Vennero anche dei pubblicani a farsi battezzare e gli chiesero: «Maestro, che cosa dobbiamo fare?». Ed egli disse loro: «Non esigete nulla di più di quanto vi è stato fissato».
Lo interrogavano anche alcuni soldati: «E noi, che cosa dobbiamo fare?». Rispose loro: «Non maltrattate e non estorcete niente a nessuno; accontentatevi delle vostre paghe».
Poiché il popolo era in attesa e tutti, riguardo a Giovanni, si domandavano in cuor loro se non fosse lui il Cristo, Giovanni rispose a tutti dicendo: «Io vi battezzo con acqua; ma viene colui che è più forte di me, a cui non sono degno di slegare i lacci dei sandali. Egli vi battezzerà in Spirito Santo e fuoco. Tiene in mano la pala per pulire la sua aia e per raccogliere il frumento nel suo granaio; ma brucerà la paglia con un fuoco inestinguibile».
Con molte altre esortazioni Giovanni evangelizzava il popolo.
Parola del Signore.
Commento al Vangelo del 15 dicembre 2024,
III domenica di Avvento
A cura di don Alberto Paschini
Nella tradizione liturgica la terza domenica di Avvento ha un carattere gioioso – viene anche chiamata “domenica Gaudete” – che si riflette nella prima lettura tratta dal profeta Isaia e nell’antifona d’ingresso: «Rallegratevi sempre nel Signore, ve lo ripeto: rallegratevi. Il Signore è vicino!» (Fil 4, 4.5).
Forse molti faticano a trovare nella loro vita e nelle loro relazioni motivazioni valide per essere nella gioia: incomprensioni, tensioni, attese, angosce, malattie ci tengono piuttosto in uno stato costante di preoccupazione che rende incerto il cammino, come fa la nebbia che facilmente si trova per strada nelle serate umide di questo periodo. Certamente bisogna prestare maggiore attenzione per non sbandare, bisogna rallentare, andare adagio. Ma non ha senso fermarsi! Si ferma colui che non ha più speranza di arrivare alla meta oppure colui che, distratto dalla lunghezza del viaggio, vaga qua e là spaventato o confuso. La gioia, invece, «è un elemento centrale dell’esperienza cristiana» (Benedetto XVI, Messaggio per la Giornata mondiale della Gioventù 2012). La gioia è il principale frutto della virtù della speranza che, quando abita il cuore, ha la forza di ricordarci verso quale meta siamo diretti anche se attorno a noi dovessero esserci solo oscurità e nebbia; la speranza ha la capacità di rimetterci in carreggiata anche qualora dovessimo sbandare o smarrirci, ricordando che niente e nessuno precludono la meta a chi lotta con tenacia per arrivarci.
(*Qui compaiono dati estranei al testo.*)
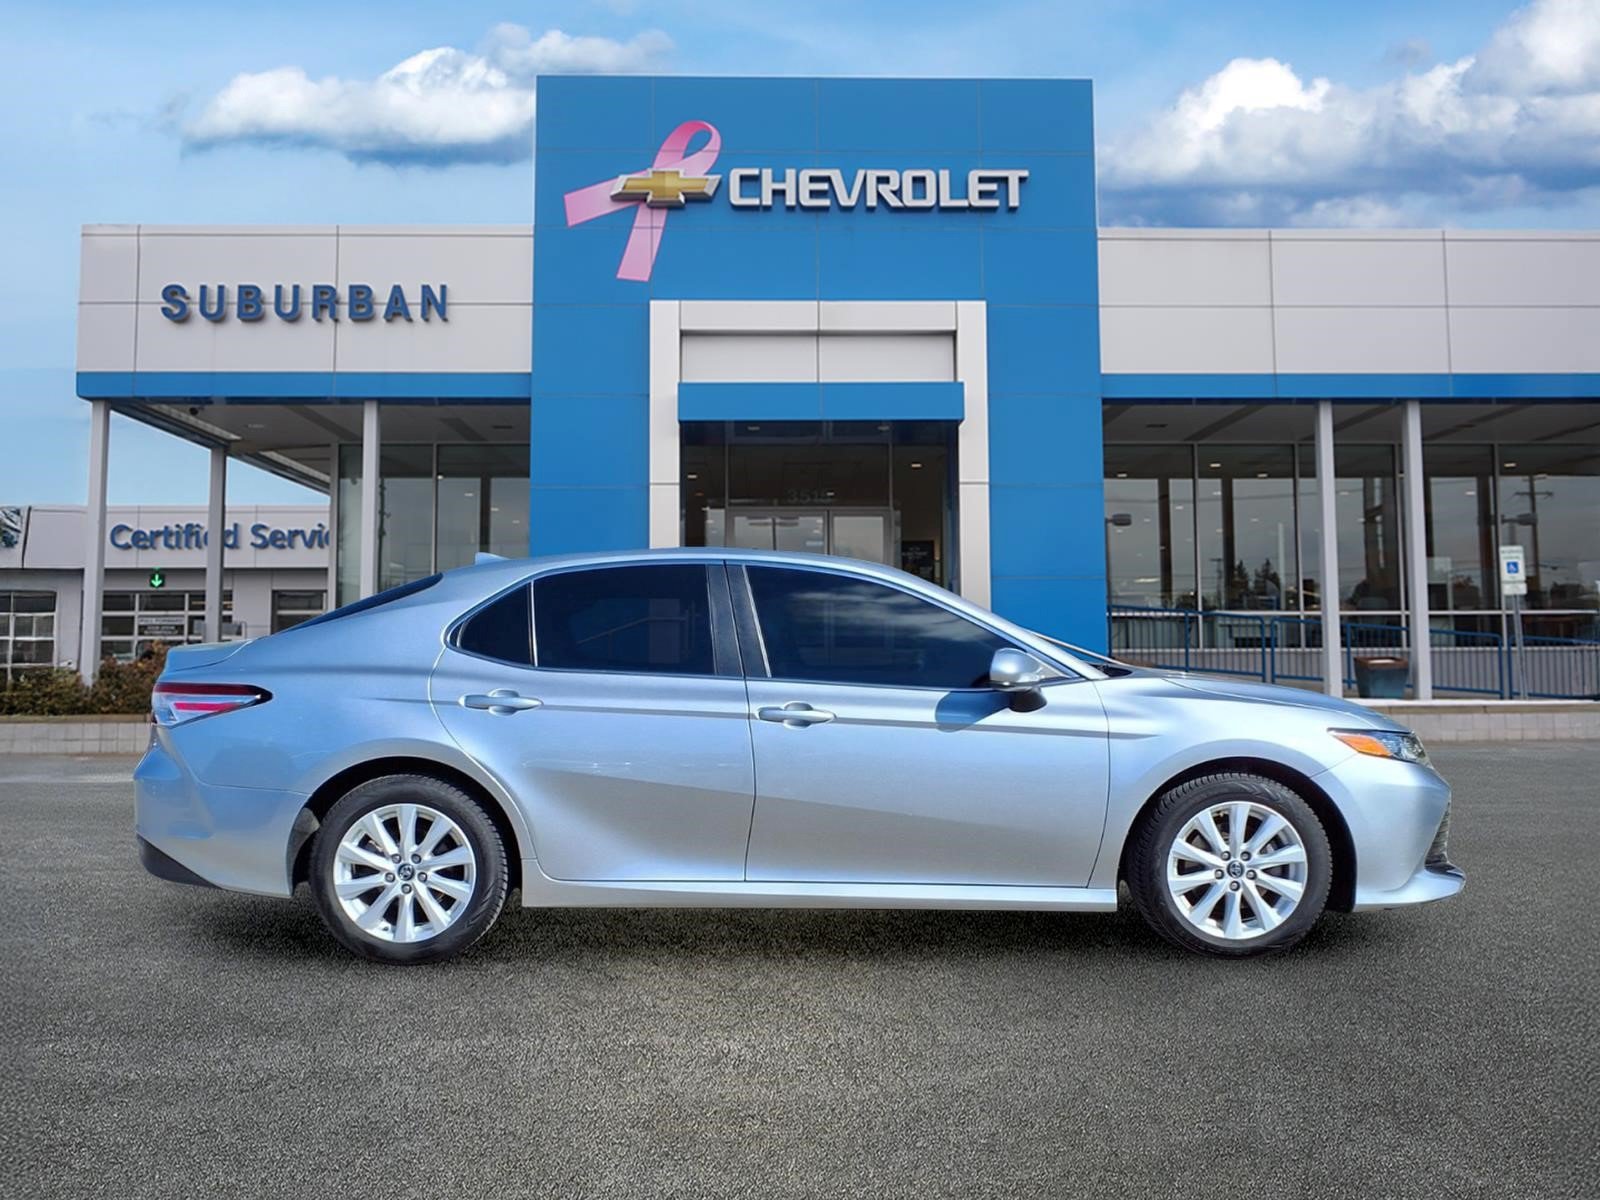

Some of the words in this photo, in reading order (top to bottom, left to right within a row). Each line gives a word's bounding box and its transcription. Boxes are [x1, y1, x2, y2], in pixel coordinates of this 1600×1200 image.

E se siamo convinti che, per noi cristiani, la meta è abitare il regno di Dio, sappiamo anche che la speranza viene sostenuta dalla consapevolezza di aver compiuto la sua volontà (Mt 7,21). Per tale motivo, in questa domenica anche noi ci mettiamo in coda con quelli che vanno da Giovanni il Battista, ascoltando in modo martellante e ripetendo la domanda «Che cosa dobbiamo fare?». Tutti vanno dall’uomo di Dio, che assomiglia alla sentinella che al limitare della notte scorge in lontananza l’alba e rincuora i suoi concittadini. Soldati, pubblicani, folle intere aspettano da Giovanni un annuncio di speranza, una parola che li apra alla possibilità di riscattarsi: non vogliono cedere alla tentazione di sentirsi delle “cause perse”. Giovanni il Battista, fedele alla sua missione profetica, mostra a ciascuno la via della conversione, fatta di giustizia, equità, attenzione e compassione ai bisogni del fratello. Alle folle Giovanni dice di condividere le cose essenziali del vivere. Ai pubblicani dice di non pretendere, di non esigere “nulla più dello stabilito”. Ai soldati dice di non maltrattare e di non estorcere o far torto.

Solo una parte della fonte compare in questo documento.